#### [PROBLEM STATEMENT]
Leaving all pictures aside, write out the records below precisely as given.

#### [MATERIALS PROVIDED]
********************

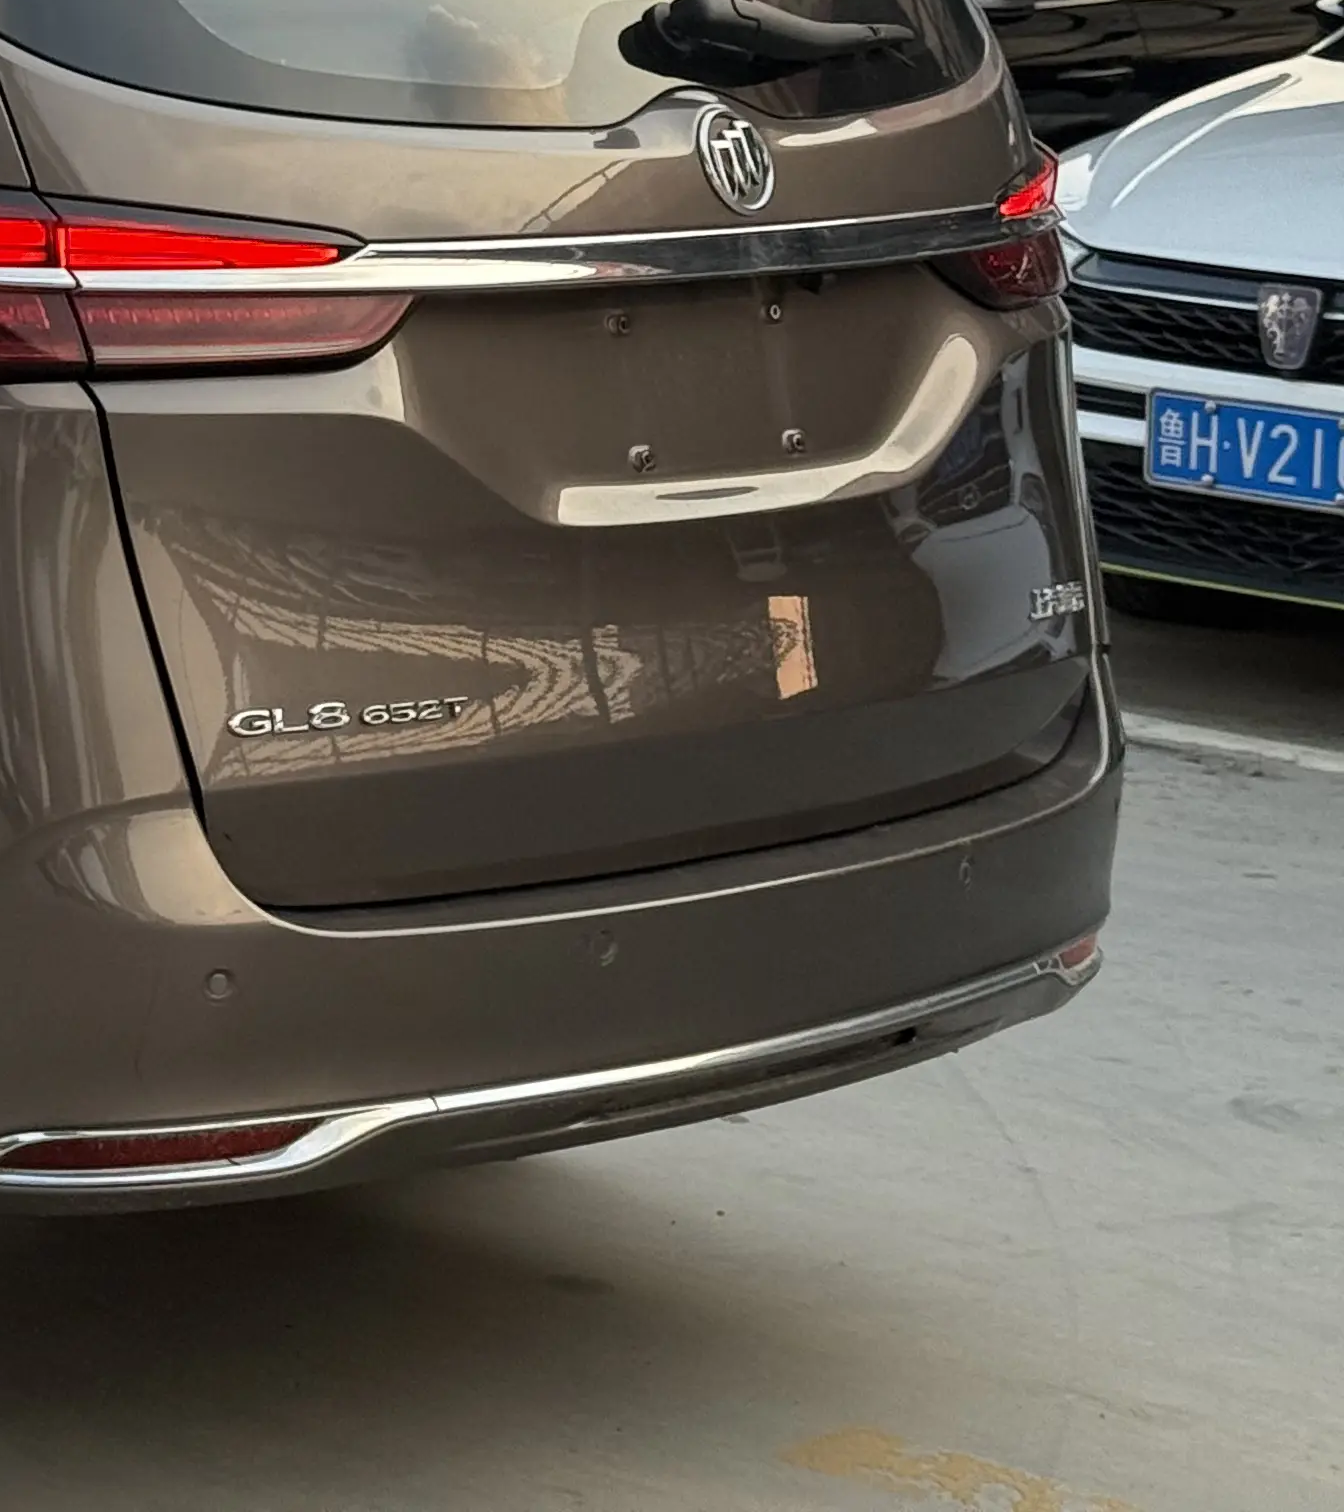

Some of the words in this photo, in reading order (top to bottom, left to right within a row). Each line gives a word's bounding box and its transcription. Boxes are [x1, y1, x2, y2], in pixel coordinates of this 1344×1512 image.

[1159, 407, 1344, 489] 鲁H·V21
[227, 691, 351, 736] GL8
[362, 696, 469, 725] 652T
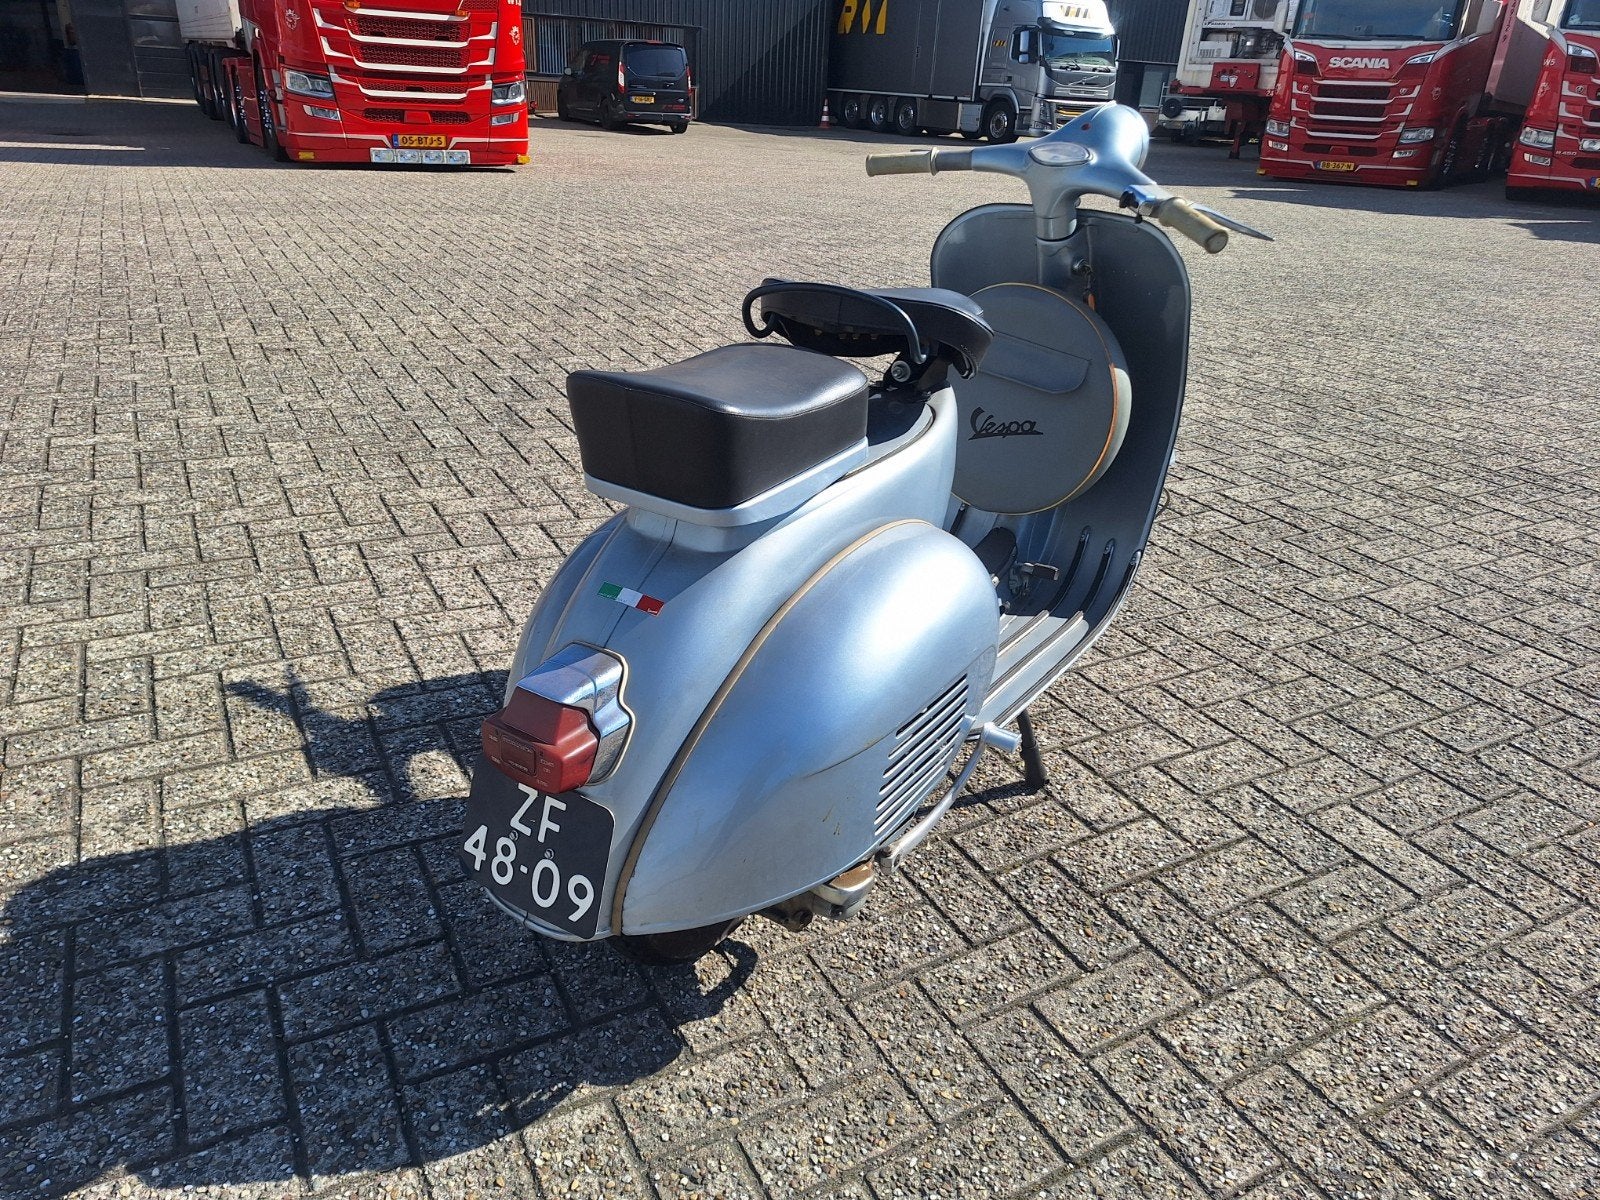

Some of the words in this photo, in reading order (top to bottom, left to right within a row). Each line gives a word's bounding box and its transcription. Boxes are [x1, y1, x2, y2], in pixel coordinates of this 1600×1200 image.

[1328, 56, 1390, 69] SCANIA
[968, 406, 1044, 441] Vespa
[509, 782, 567, 843] ZF
[463, 824, 595, 923] 48-09
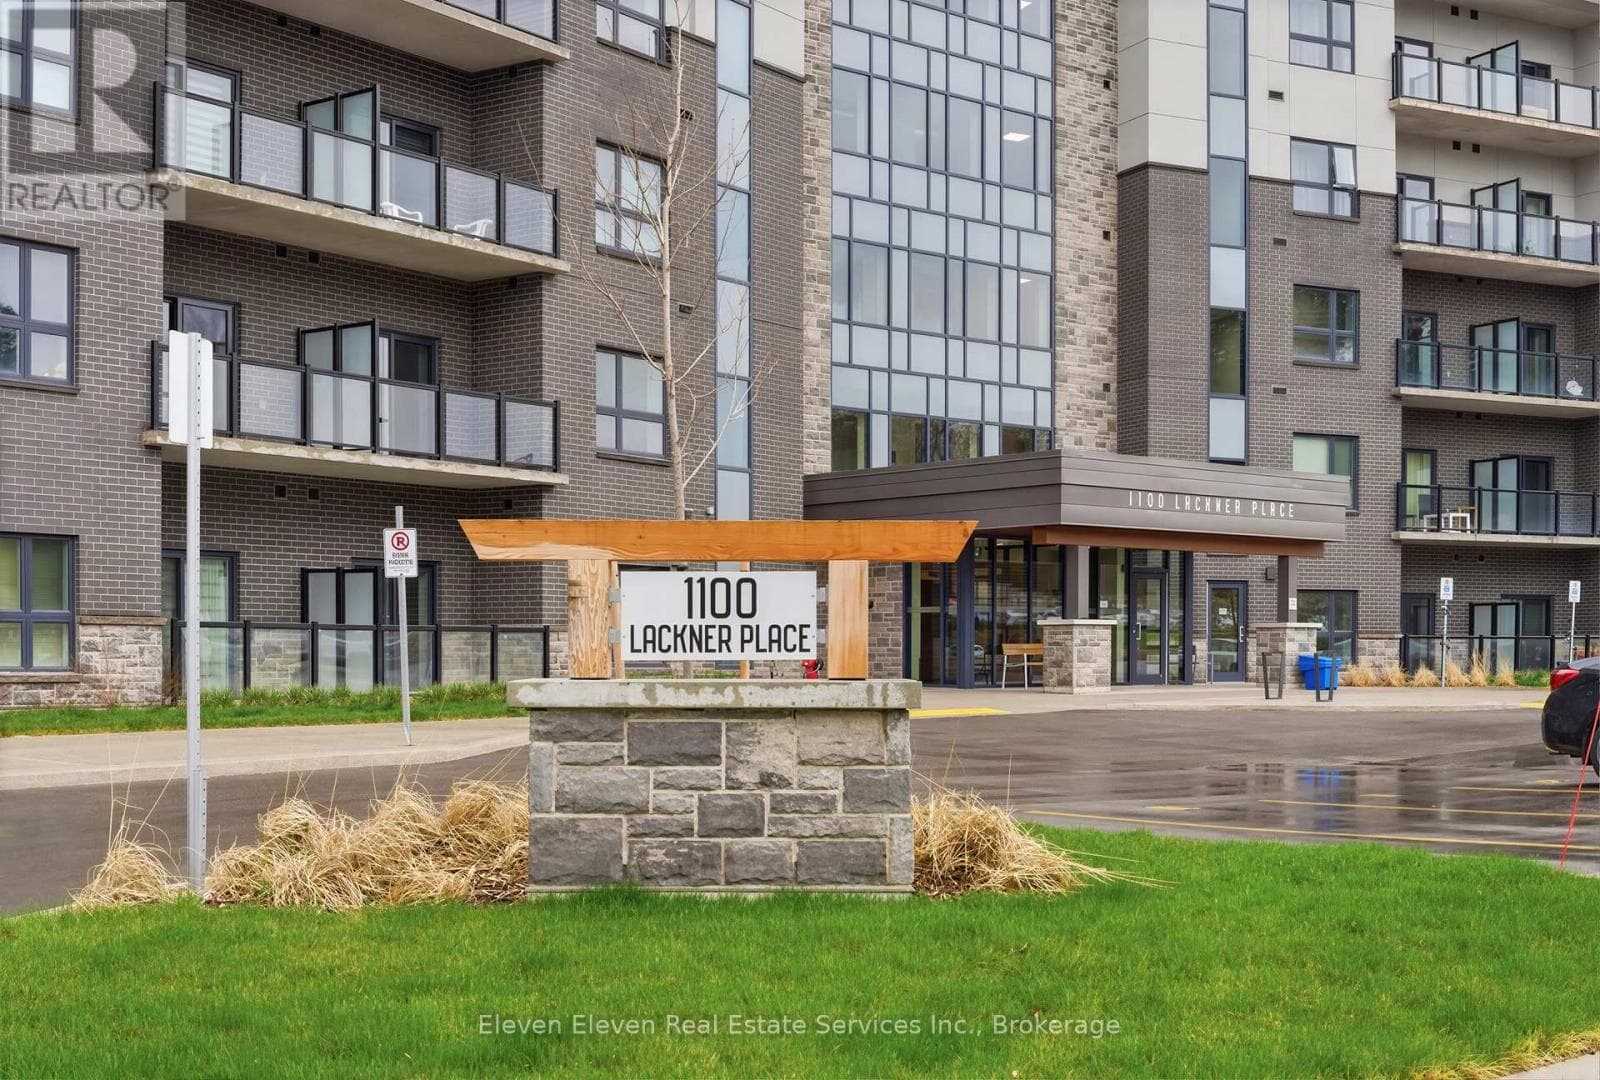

********************

#### [RESPONSE]
Some of the words in this photo, in reading order (top to bottom, left to right within a row). Each line gives a word's bounding box and its transcription. Boxes are [x1, y1, x2, y2], in pixel coordinates of this 1344×1512 image.

[1159, 407, 1344, 489] 鲁H·V21
[227, 691, 351, 736] GL8
[362, 696, 469, 725] 652T

Some of the words in this photo, in reading order (top to bottom, left to right within a row). Each line gives a word's bounding box and its transcription. Boxes are [x1, y1, x2, y2], in pixel coordinates of this 1600×1200 image.

[1328, 56, 1390, 69] SCANIA
[968, 406, 1044, 441] Vespa
[509, 782, 567, 843] ZF
[463, 824, 595, 923] 48-09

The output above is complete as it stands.